Dragonlands series by Megg Jensen. Epic/Fantasy. Want to read a good, long series about dragons and magic? Jensen has you covered. Start with a scene that feels like you're in Stephen King's Mist and then realize that, no, you're really in a Dragon-populated Truman show world and nothing is what it seems. You'll be 5 books in before you know it and wishing there was a next one already. Start with Hidden (box set with books 1-3, free on Kindle Unlimited)
Dimmingwood series by C. Greenwood. Epic/Fantasy. Elves, mystery, danger, magic, and swords. If that's what you're looking for, you'll find it in this 6-book series that has tight writing and engaging characters. Start with Magic of Thieves.
And last, but not least...
Queen Betsy series by MaryJanice Davidson. Paranormal Fantasy. Davidson is not primarily known for this series. While this is the only series of hers that interests me, it surprised me and that doesn't happen very often. The premise is an absurd situation that makes for fun reading. If you get far enough, though, a not-so-subtle message becomes clear. I can only compare it to American Psych (a weird comparison, I know), where the only character you can identify with is the main character, and it's unsettling when you realize that's the case. In a weird sense, something similar happens here. I don't want to spoil it, but what starts out ridiculous grows into a series with a message that speaks to current events and the people who populate our world. It's great fun, so give it a chance. Start with Undead and Unwed.
My Non Fiction Favorite from 2017
This year's non-fiction favorite was a book about diagramming sentences. As a kid, I always looked forward to the diagramming module in school. I thought it was fun to visualize thoughts that way. Sister Bernadette's Barking Dog gave me that same good feeling even as it looked at the history of diagramming in education and learning. It turns out I'm not alone in enjoying the practice, but there was no evidence to show that it helped or hindered kids learning grammar. That's ok.
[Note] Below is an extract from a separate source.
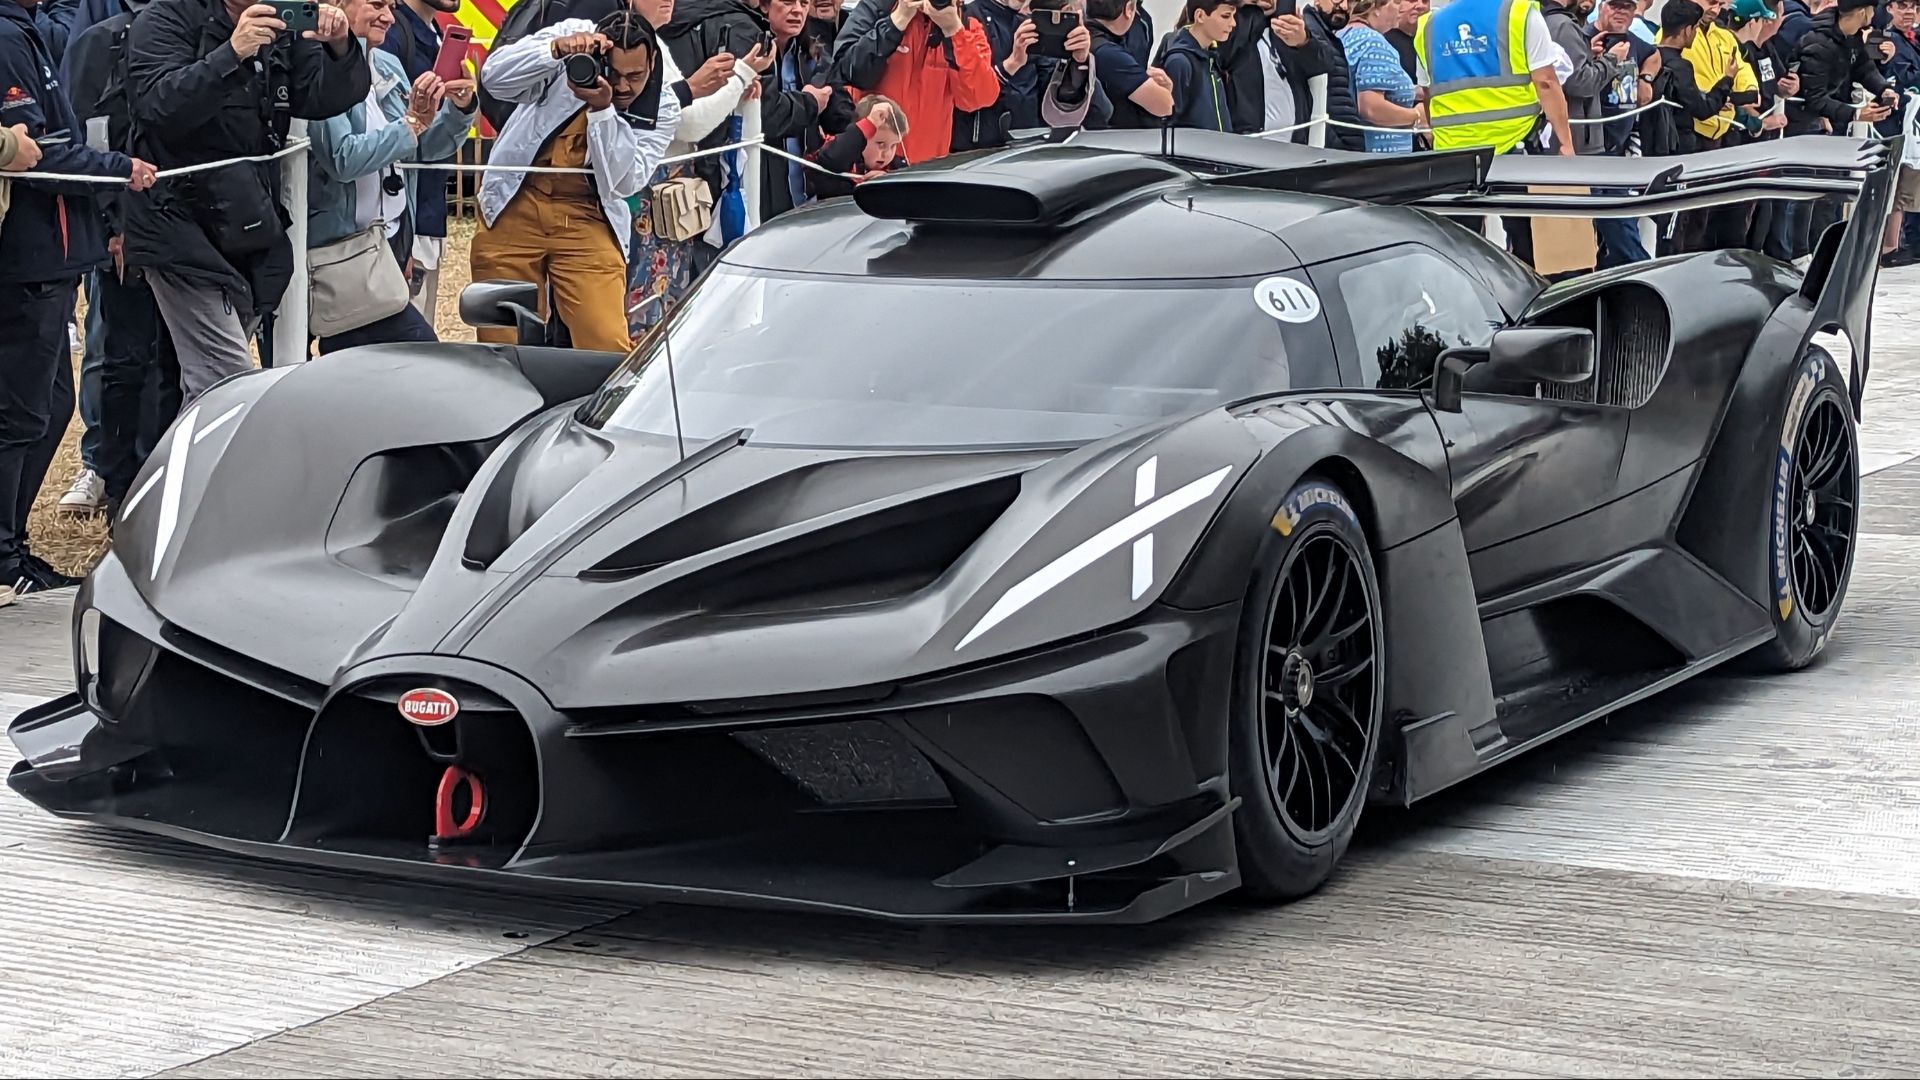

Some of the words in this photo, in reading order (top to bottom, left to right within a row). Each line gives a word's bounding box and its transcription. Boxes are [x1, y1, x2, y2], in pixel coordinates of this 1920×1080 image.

I still had fun reading it.
And a Resource for Indie Publishers
We published two books in 2016, under our own imprint. In 2017, I gave several presentations about the experience and what I learned at conferences and in webinars. (I even published a cheat sheet.) Ever since, I've been reading and researching information for indie publishers.
Turns out that Patty Jansen, one of authors who made my 2016 Top 10 list, started writing about indie publishing issues in her Goodreads blog. If you're thinking about self-publishing, you might be interested in what she has to say about trends in self-publishing (2018 post). You might also be interested in getting her books which pull together everything she's learned making a living as a self-publisher: Self-publishing Unboxed (The Three-year, No-bestseller Plan For Making a Sustainable Living From Your Fiction Book 1).
What's the Plan for 2018?
I know we're half way through 2018 and I'm just getting this post written. I admit, it was tough filtering through all 329 books and choosing who got on this list and then refreshing my memory so I could write this post.
When January came around and I looked at just how many books I read last year and decided that 329 was too many. I know reading is good for you, but 329 is quite a lot.
In addition, I was disappointed in myself because I'd abandoned my plan last year to read more non-fiction. So I decided to alternate my reading. Odd months, I'd read non-fiction. Even months, I could read with abandon any book that caught my fancy. We're half-way through the 2018 right now and I'm glad that I've kept to my plan so far.
I almost can't wait to write next year's post!